- [Recorded information]:

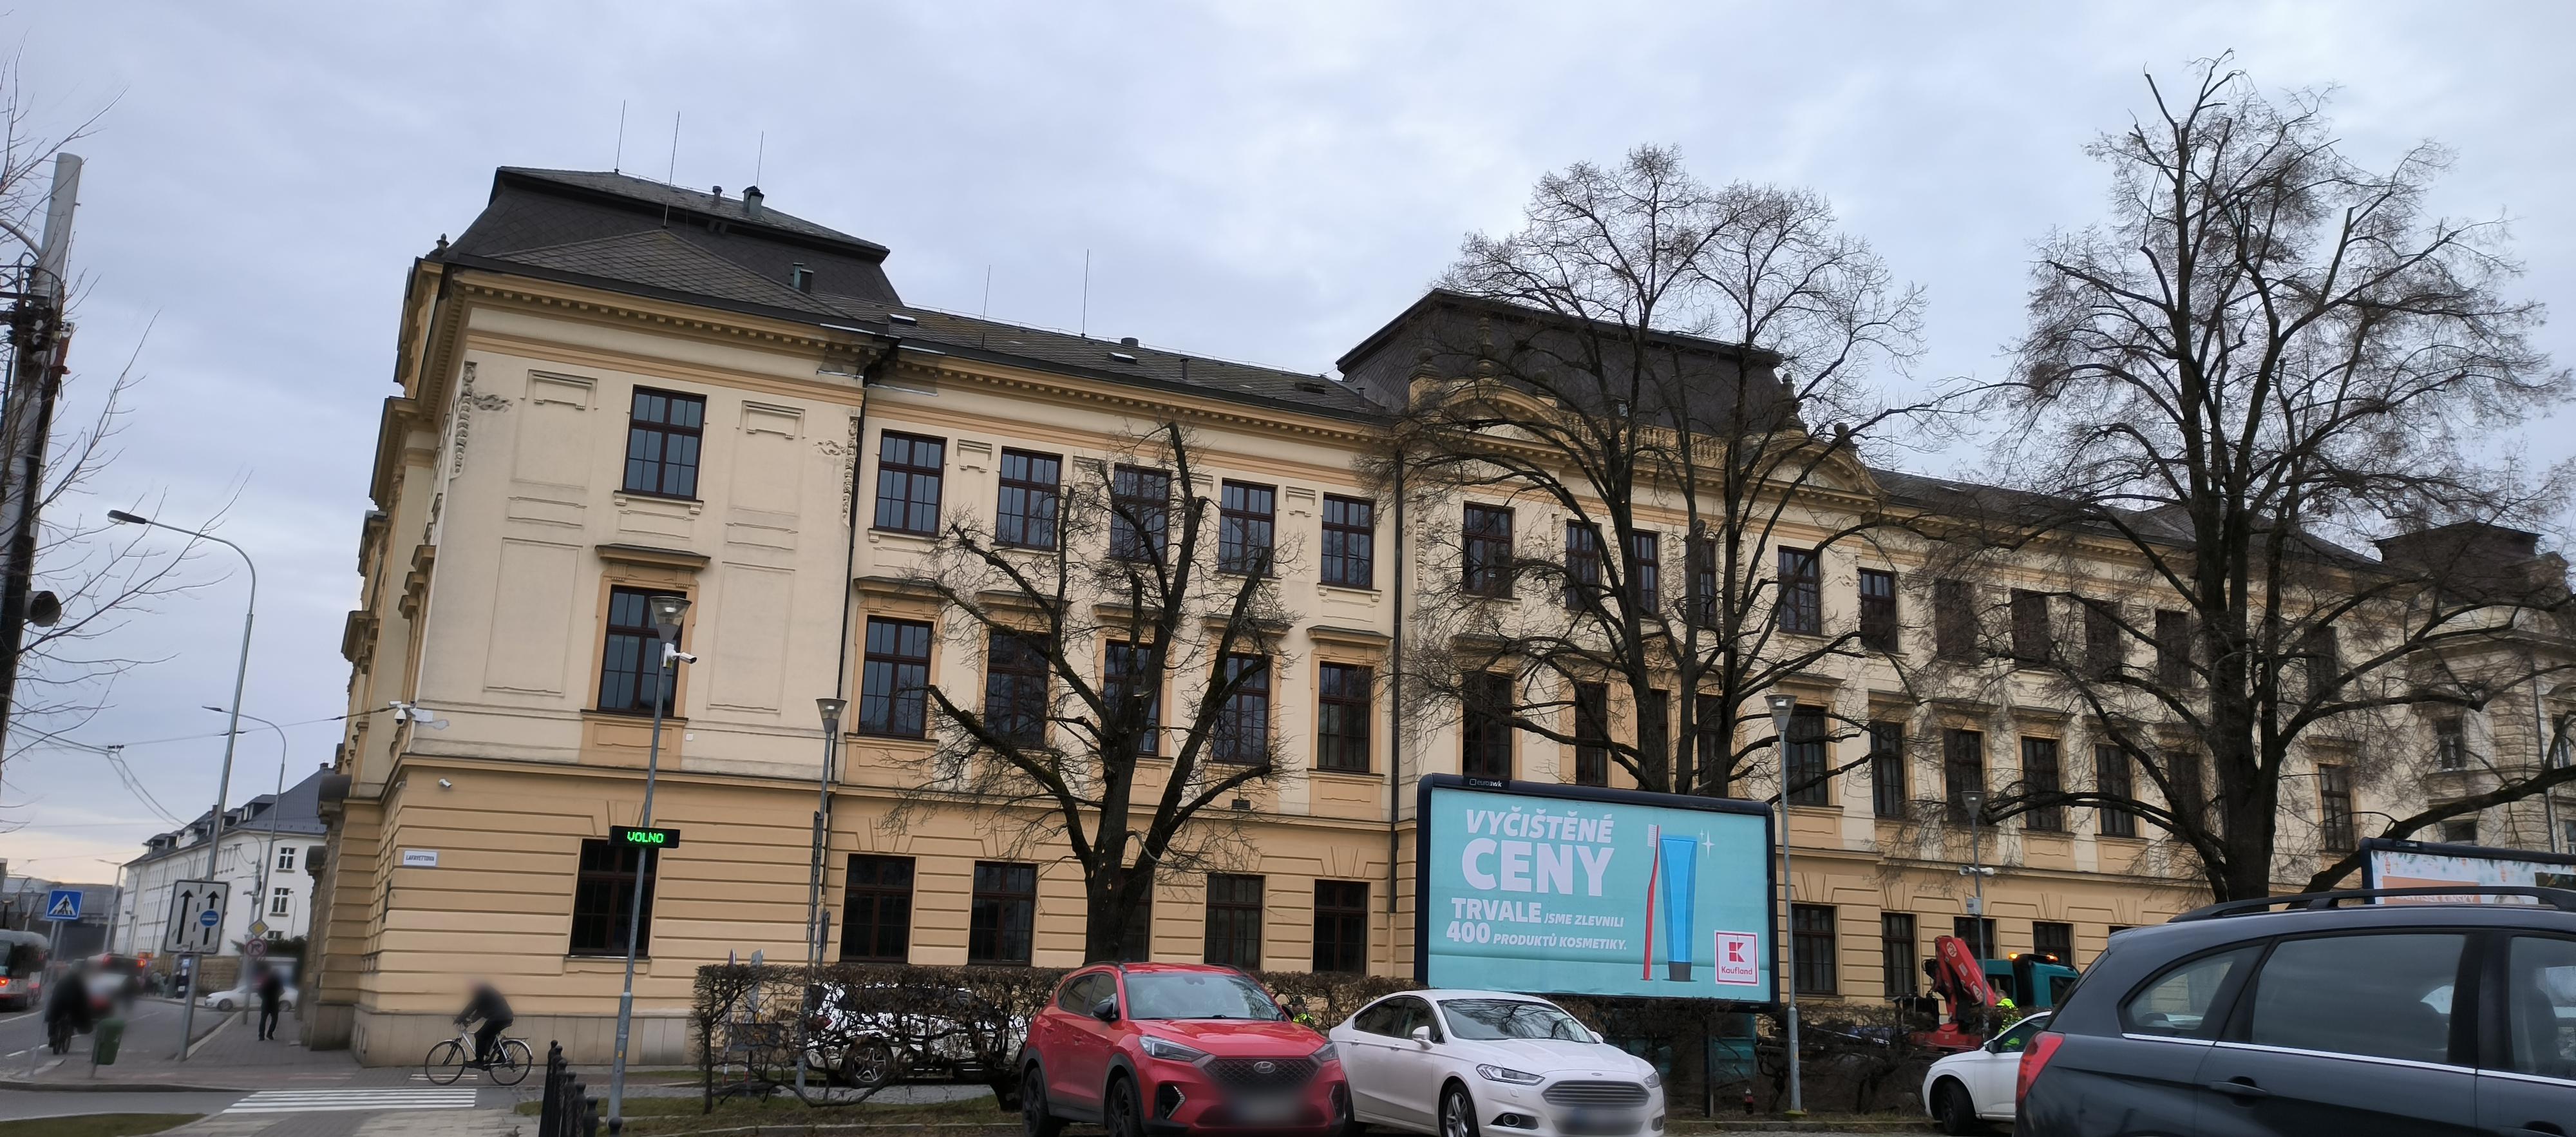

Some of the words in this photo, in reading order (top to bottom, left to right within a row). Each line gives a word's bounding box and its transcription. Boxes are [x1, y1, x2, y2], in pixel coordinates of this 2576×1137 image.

[627, 831, 664, 843] VOLNO
[1466, 806, 1615, 843] VYČIŠTĚNÉ
[1462, 837, 1615, 897] CENY
[1451, 897, 1542, 923] TRVALE
[1544, 913, 1572, 925] JSME
[1575, 915, 1624, 928] ZLEVNILI
[1446, 921, 1491, 944] 400
[1493, 933, 1557, 947] PRODUKTŮ
[1559, 937, 1627, 950] KOSMETIKY.
[1721, 966, 1753, 975] Kaufland
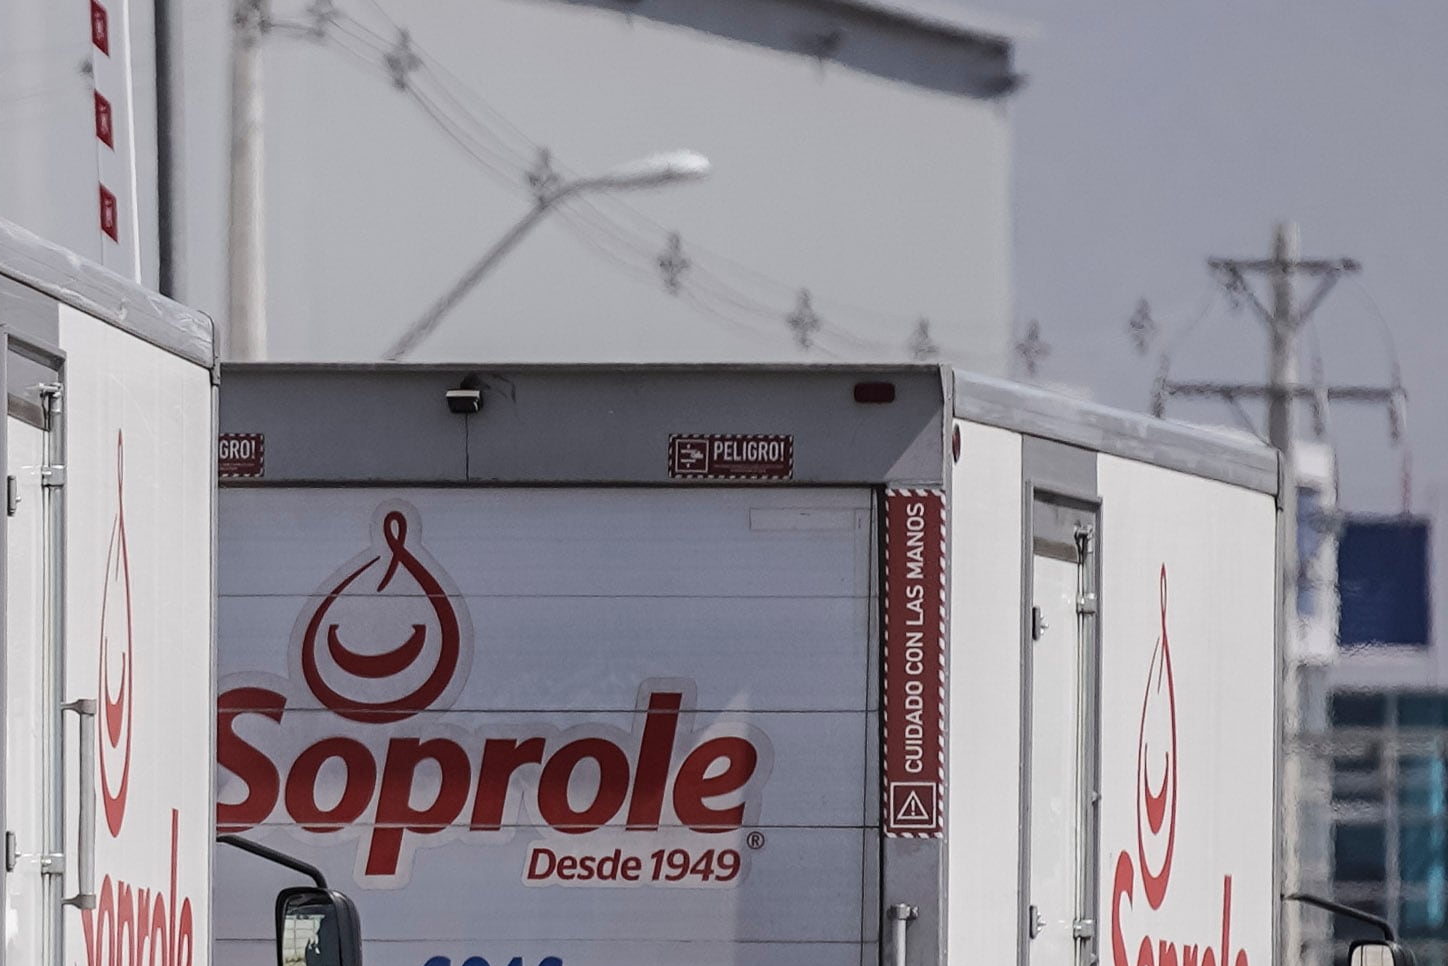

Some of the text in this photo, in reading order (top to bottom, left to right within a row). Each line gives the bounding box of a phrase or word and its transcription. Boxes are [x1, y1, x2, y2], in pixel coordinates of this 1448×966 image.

[713, 441, 785, 462] PELIGRO!
[904, 502, 924, 773] CUIDADO CON LAS MANOS
[527, 847, 740, 881] Desde 1949
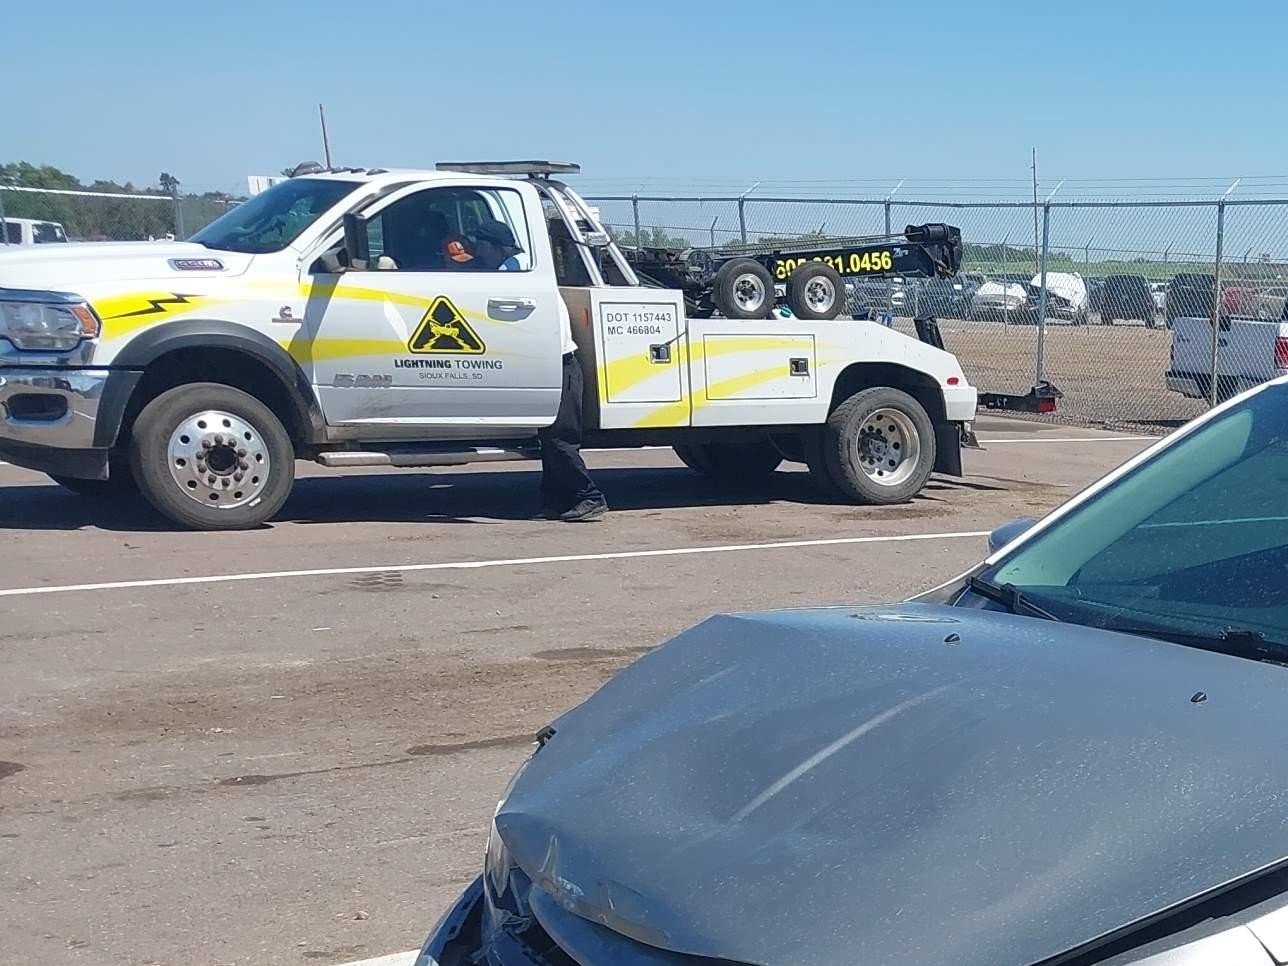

- [Task]:
With the images left out, set down every entry exactly.

- [Output below]:
Some of the words in this photo, in reading order (top to bottom, left to right within a row). Each line gives a word's bounding box and its transcription. Boxes are [x1, y1, x2, y2], in pixel coordinates of this 2576×1137 image.

[627, 831, 664, 843] VOLNO
[1466, 806, 1615, 843] VYČIŠTĚNÉ
[1462, 837, 1615, 897] CENY
[1451, 897, 1542, 923] TRVALE
[1544, 913, 1572, 925] JSME
[1575, 915, 1624, 928] ZLEVNILI
[1446, 921, 1491, 944] 400
[1493, 933, 1557, 947] PRODUKTŮ
[1559, 937, 1627, 950] KOSMETIKY.
[1721, 966, 1753, 975] Kaufland

Some of the text in this photo, in reading order (top to bottom, left to right within a row). Each line gives the bounding box of a phrase or word and its transcription. Boxes are [x1, y1, x2, y2], in pixel coordinates of this 1448×966 image.

[713, 441, 785, 462] PELIGRO!
[904, 502, 924, 773] CUIDADO CON LAS MANOS
[527, 847, 740, 881] Desde 1949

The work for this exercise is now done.